(Records from a dataset)
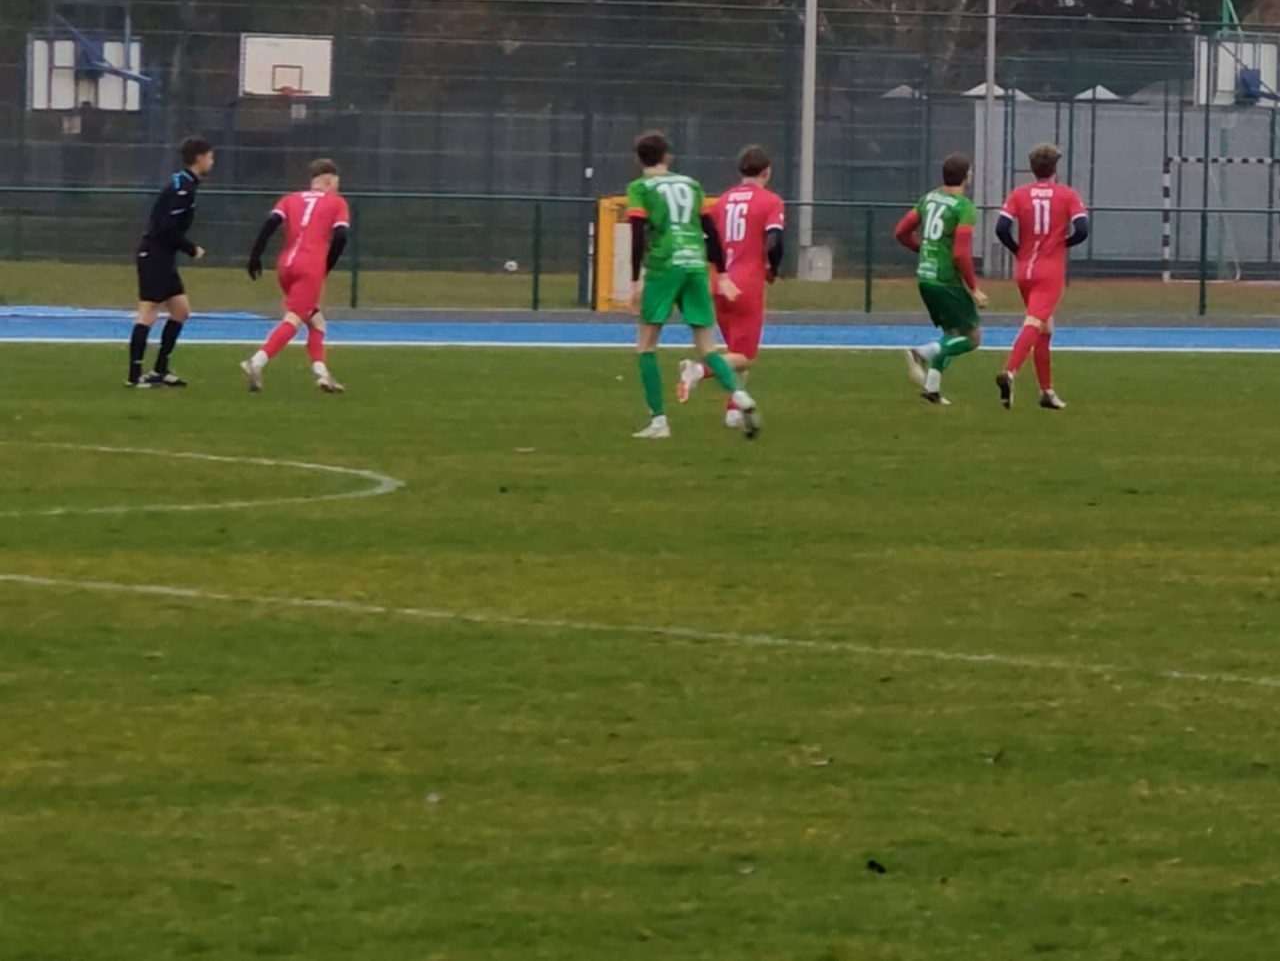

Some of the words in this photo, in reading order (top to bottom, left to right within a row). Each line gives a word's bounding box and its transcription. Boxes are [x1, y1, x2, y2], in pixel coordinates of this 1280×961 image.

[302, 198, 318, 227] 7
[656, 183, 694, 223] 19
[923, 202, 945, 240] 16
[1032, 199, 1051, 235] 11
[725, 203, 749, 242] 16

§ **Problem details**
Copy each line above precisely, dropping the pictures.

§ **Result below**
Some of the words in this photo, in reading order (top to bottom, left to right within a row). Each line gives a word's bounding box and its transcription. Boxes are [x1, y1, x2, y2], in pixel coordinates of this 1280×961 image.

[302, 198, 318, 227] 7
[656, 183, 694, 223] 19
[923, 202, 945, 240] 16
[1032, 199, 1051, 235] 11
[725, 203, 749, 242] 16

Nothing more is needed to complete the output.